La disciplina che per antonomasia verticalizza la razionalità è la geometria dal nostro, elaborata in modo tale, però, che venga estirpata la caducità formale del rigore assoluto. Una geometria, pertanto, aggrappata alla mutevolezza dei moti interiori, con sentieri non preordinati, fatta di tessere irregolari ché l’homo sapiens assembla in base ad una elaborazione mentale che tenga conto di risonanze naturalistiche e talora cosmiche. Raramente è dato riscontrare nei suoi lavori forme geometriche pure e bidimensionali, quali quadrati, rettangoli, triangoli, rombi e così via, come, ad esempio, avveniva in Mondrian; al contrario si propugnano variegate lamine vibranti e vibratili che talora esibiscono densità plastiche mentre entrano tra loro in rapporto interattivo con frequenti rimandi alla figurazione. Ecco, nella non-forma, come per incanto, un’assorta e serena allusione a un corpus iconico atto a ripristinare un legame empatico con il reale mai caduto nell’oblio ma inamovibile dalla sua memoria. Alberi, uccelli, architetture urbane, paesaggi marini, pinete del litorale carsico, pareti di edifici, cattedrali, nature morte: tutta una fioritura qua e là di impronte, di ombre figurali corrose nella componente veristica ma dall’esclamato splendore lirico. L’arte comincia dove finisce il vero, ebbe a sentenziare un grande scultore informale del ‘900, e Cabai indubbiamente costituisce in tal senso una delle massime espressioni di tale rarefazione iconica. A questo coopera altresì e grandemente il cromatismo fatto di granulato e pullulante fremito vitale. Quanto suggestivi sono i suoi verdi, i suoi azzurri, i grigi, i neri vellutati, gli ocra, che talora si spingono verso la purezza dei gialli comunque sottoposti a velature, e quei marroni quaresimali come fossero mutuati dalle tonache dei francescani in grado di fornire sensazioni di silenzi e di altissima spiritualità! All’artista compete il compito, ogni volta che trae ispirazione dalla natura, di coglierne l’essenza e pertanto di approdare ad un oltre, come ha evidenziato Enzo Santese uno studioso che a più riprese si è interessato alla sua ricerca, in suo lucido saggio critico su Nilo Cabai.

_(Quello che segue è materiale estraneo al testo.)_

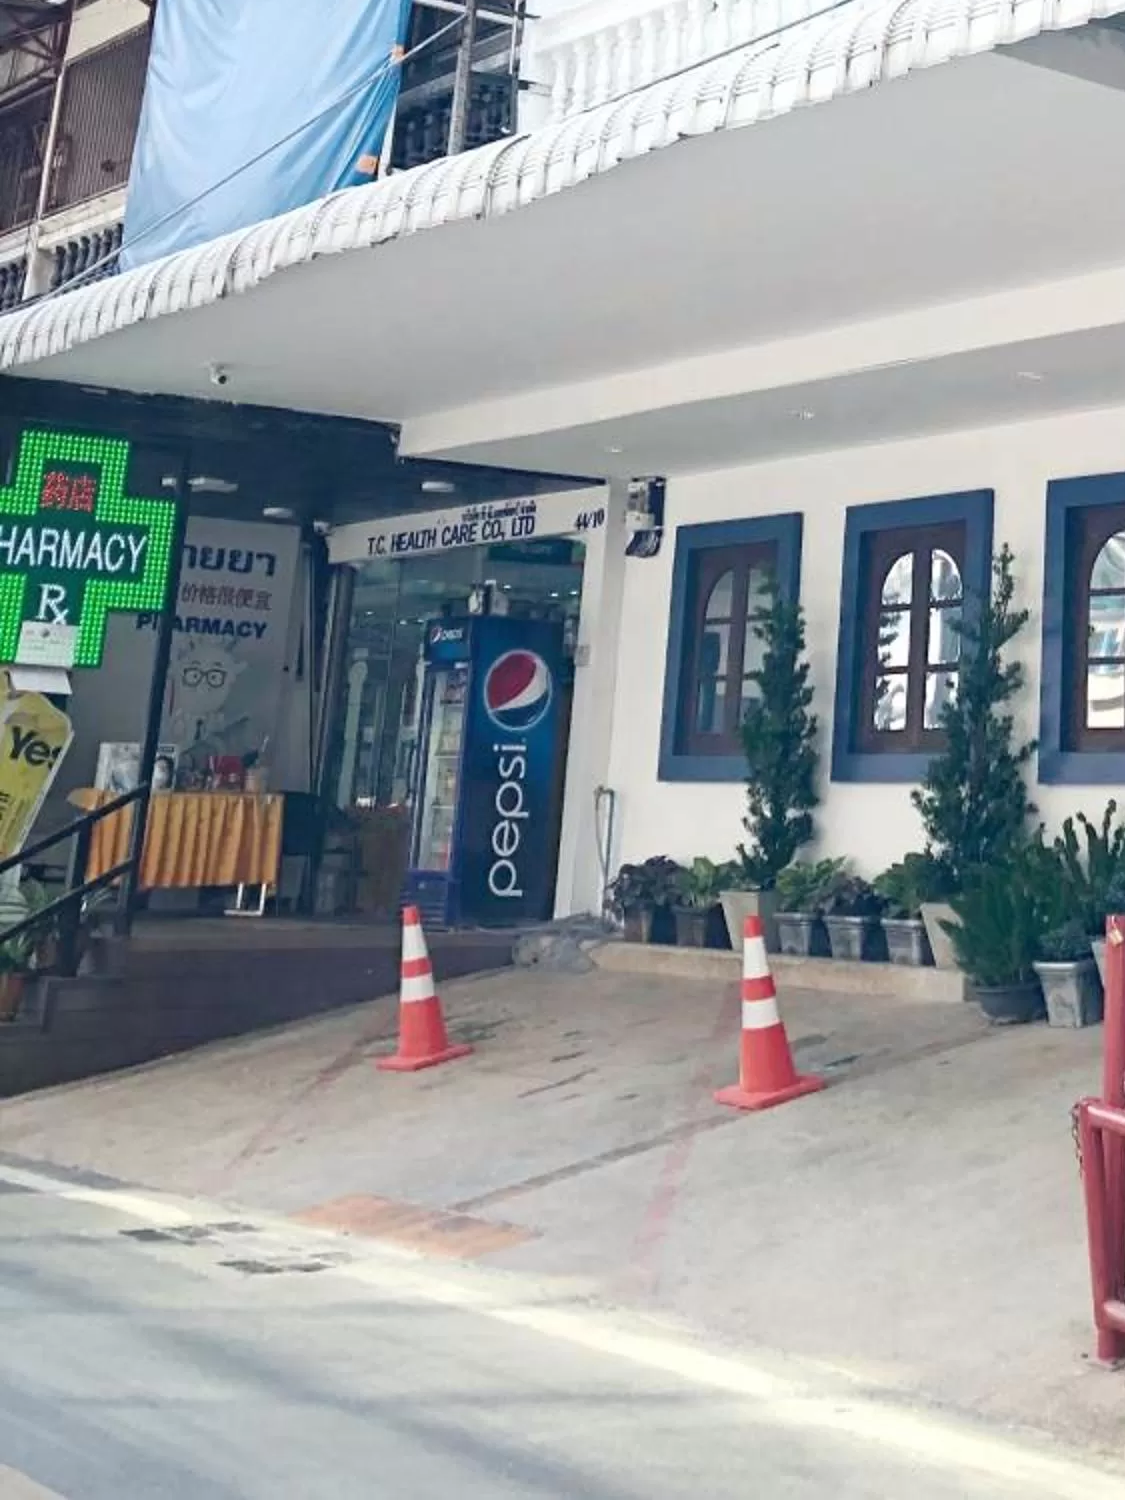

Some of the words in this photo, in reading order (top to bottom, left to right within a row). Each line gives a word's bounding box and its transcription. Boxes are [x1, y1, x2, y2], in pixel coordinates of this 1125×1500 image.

Un colore, il suo, mai chiassoso o elementare a guisa di quello propugnato nella produzione serigrafia pubblicitaria che nulla ha in comune con lo spessore antropologico; colore solido e dinamico che invita anche ad una lettura tattile delle opere le cui superfici, pur ruvide come gente di montagna adusa alle asperità, sono divinamente limpide e pure come acqua sorgiva che dalla medesima montagna scaturisce.
Un’ultima annotazione riguarda il fatto che il nostro artista ama dipingere per cicli, dando così una testimonianza di serietà ermeneutica sugli argomenti affrontati che necessitano di sempre più approfondite indagini. Abbiamo, ad esempio, per citarne solo alcuni, quelli dedicati alle pinete, gli interni medioevali, ai cantieri, alle vele e ai muri, quest’ultimo particolarmente suggestivo per la sua valenza ideale. Archetipo di tutte le barriere, il muro vanta una tradizione antichissima di cui parlano a più riprese anche i testi biblici. Ma, per rapportarci ai nostri giorni, il pensiero va al muro di Berlino o al muro del pianto e a quello assurdo progettato da Trump tra Messico e Stati Uniti. Cabai, con questa suggestiva suite di opere, mostra di essere in sintonia con la contemporaneità, aggregando a questi storici riferimenti socio-politici una consistente informazione riguardante il pensiero filosofico sul tema del muro, a cominciare dalla nota opera omonima di Sartre da cui si evince il concetto dell’assurdità della vita. Non è da escludere anche un riferimento al contesto pittorico e grafico del suo conterraneo Giorgio Celiberti, dove abbiamo una documentazione preziosa e tragica allo stesso tempo dei graffiti impressi sui muri di Terezin, città della repubblica ceca, dai ragazzi internati in quel campo di concentramento. Sono come purificati da qualsivoglia grafia i muri del nostro maestro, che spesso vengono sottoposti a fermentazioni coloristiche in rapporto con il calore del focolare domestico. Una catarsi, quindi, delle superfici memorizzate nella pittura del suddetto collega.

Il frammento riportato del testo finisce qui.